[Provided data]
————
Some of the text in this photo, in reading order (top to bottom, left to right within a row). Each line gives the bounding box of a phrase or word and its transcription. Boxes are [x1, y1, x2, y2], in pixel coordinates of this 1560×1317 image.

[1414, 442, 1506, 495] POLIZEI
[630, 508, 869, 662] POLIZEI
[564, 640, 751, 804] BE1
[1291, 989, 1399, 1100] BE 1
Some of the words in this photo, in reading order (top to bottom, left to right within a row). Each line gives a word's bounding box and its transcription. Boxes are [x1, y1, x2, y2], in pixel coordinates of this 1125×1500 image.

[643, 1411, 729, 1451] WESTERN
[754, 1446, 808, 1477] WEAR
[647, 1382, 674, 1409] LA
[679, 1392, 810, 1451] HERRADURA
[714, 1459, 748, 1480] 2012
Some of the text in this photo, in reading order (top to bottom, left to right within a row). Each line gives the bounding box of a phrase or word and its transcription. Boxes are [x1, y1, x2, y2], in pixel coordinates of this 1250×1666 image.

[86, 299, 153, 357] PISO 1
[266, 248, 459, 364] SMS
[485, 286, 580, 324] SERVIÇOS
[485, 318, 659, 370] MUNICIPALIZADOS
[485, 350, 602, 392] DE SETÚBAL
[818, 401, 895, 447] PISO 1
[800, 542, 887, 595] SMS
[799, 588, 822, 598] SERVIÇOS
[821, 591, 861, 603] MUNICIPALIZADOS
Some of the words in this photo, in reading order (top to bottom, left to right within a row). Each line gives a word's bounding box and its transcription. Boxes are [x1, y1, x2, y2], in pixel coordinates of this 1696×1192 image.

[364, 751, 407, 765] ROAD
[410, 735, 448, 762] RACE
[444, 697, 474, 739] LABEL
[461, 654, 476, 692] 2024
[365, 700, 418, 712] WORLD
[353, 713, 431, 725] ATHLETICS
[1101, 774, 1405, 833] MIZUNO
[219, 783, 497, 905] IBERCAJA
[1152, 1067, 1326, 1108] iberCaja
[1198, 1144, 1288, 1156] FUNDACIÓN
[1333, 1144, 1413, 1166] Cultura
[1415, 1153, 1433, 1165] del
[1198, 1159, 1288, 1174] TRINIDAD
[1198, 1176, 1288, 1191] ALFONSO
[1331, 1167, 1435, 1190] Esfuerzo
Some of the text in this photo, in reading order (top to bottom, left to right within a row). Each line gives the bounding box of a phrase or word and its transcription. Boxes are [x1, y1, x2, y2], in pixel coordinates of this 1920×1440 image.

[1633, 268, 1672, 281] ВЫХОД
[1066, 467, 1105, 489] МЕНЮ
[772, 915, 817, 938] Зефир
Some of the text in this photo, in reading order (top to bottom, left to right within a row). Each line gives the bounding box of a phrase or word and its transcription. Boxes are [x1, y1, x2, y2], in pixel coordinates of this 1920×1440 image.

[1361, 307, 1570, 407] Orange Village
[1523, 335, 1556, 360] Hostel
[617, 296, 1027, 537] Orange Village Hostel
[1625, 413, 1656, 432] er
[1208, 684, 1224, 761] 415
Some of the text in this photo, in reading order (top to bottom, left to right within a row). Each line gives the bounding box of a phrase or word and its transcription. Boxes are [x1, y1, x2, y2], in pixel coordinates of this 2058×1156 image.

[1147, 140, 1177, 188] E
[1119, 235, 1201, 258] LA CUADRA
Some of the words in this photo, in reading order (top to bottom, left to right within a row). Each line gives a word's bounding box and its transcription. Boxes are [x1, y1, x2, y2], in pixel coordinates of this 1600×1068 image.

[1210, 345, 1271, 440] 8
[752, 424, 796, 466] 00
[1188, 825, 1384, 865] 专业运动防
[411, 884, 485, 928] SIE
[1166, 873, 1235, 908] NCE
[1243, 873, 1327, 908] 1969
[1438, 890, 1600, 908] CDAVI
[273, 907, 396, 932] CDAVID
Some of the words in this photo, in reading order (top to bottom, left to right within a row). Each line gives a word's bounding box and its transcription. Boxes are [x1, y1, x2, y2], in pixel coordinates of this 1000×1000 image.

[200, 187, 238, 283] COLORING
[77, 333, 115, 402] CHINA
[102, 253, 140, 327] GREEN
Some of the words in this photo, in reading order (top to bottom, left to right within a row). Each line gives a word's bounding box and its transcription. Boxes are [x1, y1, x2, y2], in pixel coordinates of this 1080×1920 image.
————
Reproduce the entries above in full and exactly.

Some of the text in this photo, in reading order (top to bottom, left to right within a row). Each line gives the bounding box of a phrase or word and its transcription. Boxes are [x1, y1, x2, y2], in pixel coordinates of this 1560×1317 image.

[1414, 442, 1506, 495] POLIZEI
[630, 508, 869, 662] POLIZEI
[564, 640, 751, 804] BE1
[1291, 989, 1399, 1100] BE 1
Some of the words in this photo, in reading order (top to bottom, left to right within a row). Each line gives a word's bounding box and its transcription. Boxes are [x1, y1, x2, y2], in pixel coordinates of this 1125×1500 image.

[643, 1411, 729, 1451] WESTERN
[754, 1446, 808, 1477] WEAR
[647, 1382, 674, 1409] LA
[679, 1392, 810, 1451] HERRADURA
[714, 1459, 748, 1480] 2012
Some of the text in this photo, in reading order (top to bottom, left to right within a row). Each line gives the bounding box of a phrase or word and its transcription. Boxes are [x1, y1, x2, y2], in pixel coordinates of this 1250×1666 image.

[86, 299, 153, 357] PISO 1
[266, 248, 459, 364] SMS
[485, 286, 580, 324] SERVIÇOS
[485, 318, 659, 370] MUNICIPALIZADOS
[485, 350, 602, 392] DE SETÚBAL
[818, 401, 895, 447] PISO 1
[800, 542, 887, 595] SMS
[799, 588, 822, 598] SERVIÇOS
[821, 591, 861, 603] MUNICIPALIZADOS
Some of the words in this photo, in reading order (top to bottom, left to right within a row). Each line gives a word's bounding box and its transcription. Boxes are [x1, y1, x2, y2], in pixel coordinates of this 1696×1192 image.

[364, 751, 407, 765] ROAD
[410, 735, 448, 762] RACE
[444, 697, 474, 739] LABEL
[461, 654, 476, 692] 2024
[365, 700, 418, 712] WORLD
[353, 713, 431, 725] ATHLETICS
[1101, 774, 1405, 833] MIZUNO
[219, 783, 497, 905] IBERCAJA
[1152, 1067, 1326, 1108] iberCaja
[1198, 1144, 1288, 1156] FUNDACIÓN
[1333, 1144, 1413, 1166] Cultura
[1415, 1153, 1433, 1165] del
[1198, 1159, 1288, 1174] TRINIDAD
[1198, 1176, 1288, 1191] ALFONSO
[1331, 1167, 1435, 1190] Esfuerzo
Some of the text in this photo, in reading order (top to bottom, left to right within a row). Each line gives the bounding box of a phrase or word and its transcription. Boxes are [x1, y1, x2, y2], in pixel coordinates of this 1920×1440 image.

[1633, 268, 1672, 281] ВЫХОД
[1066, 467, 1105, 489] МЕНЮ
[772, 915, 817, 938] Зефир
Some of the text in this photo, in reading order (top to bottom, left to right within a row). Each line gives the bounding box of a phrase or word and its transcription. Boxes are [x1, y1, x2, y2], in pixel coordinates of this 1920×1440 image.

[1361, 307, 1570, 407] Orange Village
[1523, 335, 1556, 360] Hostel
[617, 296, 1027, 537] Orange Village Hostel
[1625, 413, 1656, 432] er
[1208, 684, 1224, 761] 415
Some of the text in this photo, in reading order (top to bottom, left to right within a row). Each line gives the bounding box of a phrase or word and its transcription. Boxes are [x1, y1, x2, y2], in pixel coordinates of this 2058×1156 image.

[1147, 140, 1177, 188] E
[1119, 235, 1201, 258] LA CUADRA
Some of the words in this photo, in reading order (top to bottom, left to right within a row). Each line gives a word's bounding box and its transcription. Boxes are [x1, y1, x2, y2], in pixel coordinates of this 1600×1068 image.

[1210, 345, 1271, 440] 8
[752, 424, 796, 466] 00
[1188, 825, 1384, 865] 专业运动防
[411, 884, 485, 928] SIE
[1166, 873, 1235, 908] NCE
[1243, 873, 1327, 908] 1969
[1438, 890, 1600, 908] CDAVI
[273, 907, 396, 932] CDAVID
Some of the words in this photo, in reading order (top to bottom, left to right within a row). Each line gives a word's bounding box and its transcription. Boxes are [x1, y1, x2, y2], in pixel coordinates of this 1000×1000 image.

[200, 187, 238, 283] COLORING
[77, 333, 115, 402] CHINA
[102, 253, 140, 327] GREEN
Some of the words in this photo, in reading order (top to bottom, left to right within a row). Each line gives a word's bounding box and its transcription. Boxes are [x1, y1, x2, y2], in pixel coordinates of this 1080×1920 image.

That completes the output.